It is a near-perfect ghost story: cruelty, revenge, a hidden wound, a poisoned cake, a lynching, and a river. Every element lands. That is exactly what should make a careful reader pause.
Told well, on a dark evening in an antebellum house, the legend explains the real deaths, supplies a villain and a victim in the same person, and even gestures at the brutality of slavery. Its believability is not an accident; it is a story built, over decades, to be believed.
Where the legend breaks down
The trouble is that almost none of it survives contact with the record. Begin with Chloe herself. There is no known documentation of an enslaved woman named Chloe, or Cloe, owned by the Woodruffs, even though the records that do survive count the people they enslaved. A house slave central enough to poison the family and be executed for it has left no trace in any contemporary source, which is not how documented people behave in the archive.
Then the deaths themselves. Sara Mathilda Woodruff and her two children did not die together at a birthday party. They died across 1823 and 1824, of yellow fever, during fever season, and a third child survived. A single poisoned cake does not kill people months apart, and it does not selectively spare one child. The real cause of these deaths is both documented and, tragically, ordinary for the time and place.
The ten murdersfare no better. Only one killing on the property is documented: William Winter's in 1871. The rest of the tally has no corresponding bodies, no court records, and no newspaper accounts. It is a round, frightening number, not a count of verified deaths.
Finally, the ghost gives the game away. The earliest apparition stories, from the 1950s owner Marjorie Munson, describe only a woman in a green bonnet, with no name, no severed ear, and no poisoning. The identity of Chloe and the whole poisoning drama were attached later, in the 1970s and after. The legend grew backward onto a vague earlier ghost; the ghost did not confirm the legend.
The real history under the story
It matters to say plainly what the Chloe legend displaces, because the invention is not harmless. Real people were enslaved at this site. The census counts them without always naming them, which means the genuine historical task is to recover who they actually were: their lives, their labor, and their fates under bondage.

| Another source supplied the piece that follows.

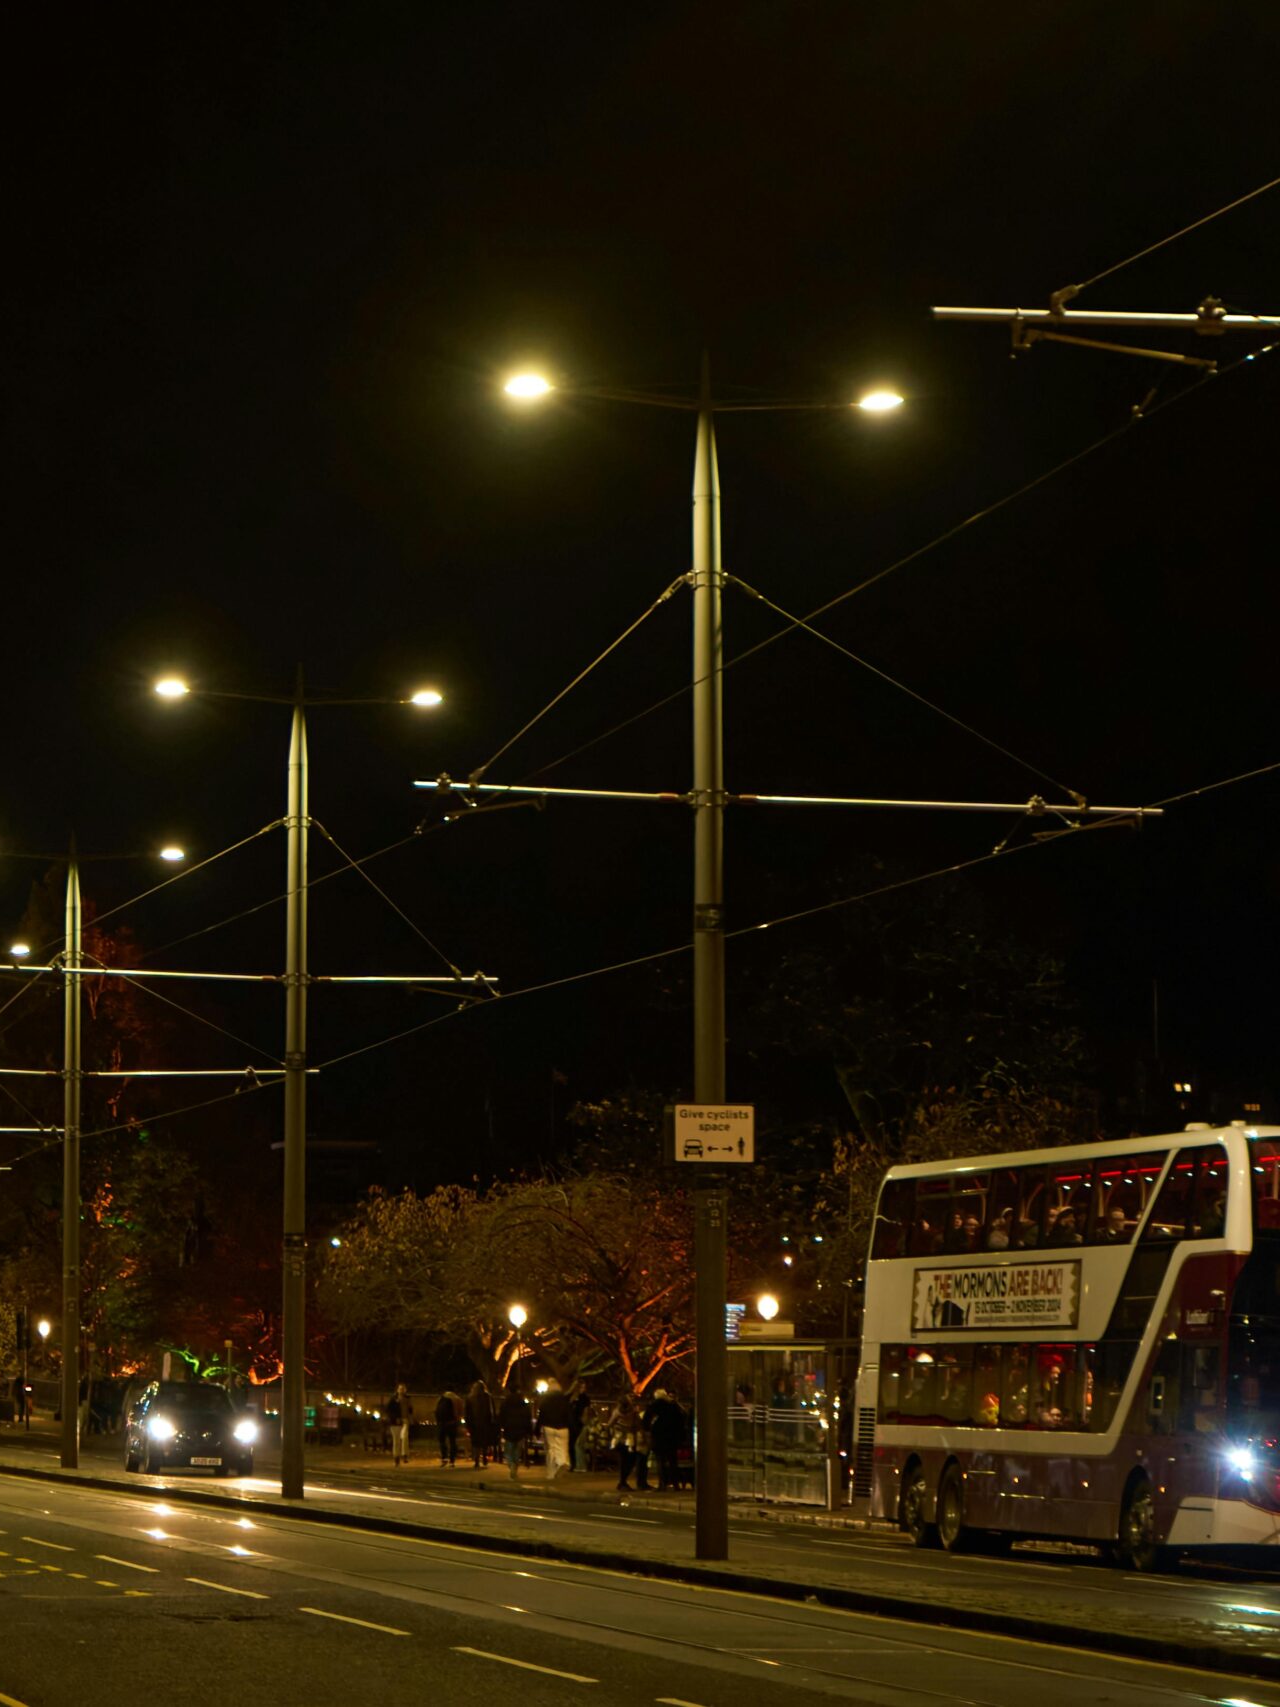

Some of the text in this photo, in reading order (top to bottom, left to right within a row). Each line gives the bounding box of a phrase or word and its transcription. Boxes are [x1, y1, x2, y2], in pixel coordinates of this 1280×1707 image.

[679, 1109, 749, 1121] Give cyclists
[699, 1123, 730, 1132] space
[934, 1268, 1063, 1299] THE MORMONS ARE BACK!

The Chloe story does the opposite. It takes the one enslaved figure the site chooses to foreground and makes her a murderer of children, invented for entertainment. A fictional poisoner in a turban stands in for the many real people whose names the tour does not tell. Treating that substitution as history flattens the actual violence of slavery into a spooky anecdote, and it is worth naming that cost rather than passing over it.
William Winter's murder, likewise, was a real crime with a real, unnamed victim of violence and a killer who was never brought to justice. It deserves to be understood as an unsolved historical homicide, not repackaged as one entry on a haunted-house body count.
None of this requires denying that visitors have unsettling experiences, or that an old house at night is an atmospheric place. It requires only keeping the documented past and the marketed legend in separate hands, and refusing to let the second overwrite the first.
Why the legend took hold
A story this durable succeeds for reasons that have little to do with whether it is true. The first is that it sits on a foundation of genuine tragedy. Because slavery, the fever deaths, and Winter's murder are all real, the invented parts inherit a borrowed authenticity; the listener senses that terrible things happened here, which they did, and extends that credence to the cake and the turban.
The second is incentive. The Myrtles is a business. It operates as a bed-and-breakfast and sells ghost tours, and its haunted reputation is the product on the shelf. A vivid legend fills rooms and books tours in a way that a sober historical correction never will, so there is little commercial reason to let the story fade.
The third is amplification. Television specials and travel writing repeatedly ranked the house among the most haunted in the country and built segments around Chloe, lending the tale a national reach and an air of authority that a local ghost story could never generate on its own. A blurry photograph promoted as Chloe gave audiences a concrete image to point to.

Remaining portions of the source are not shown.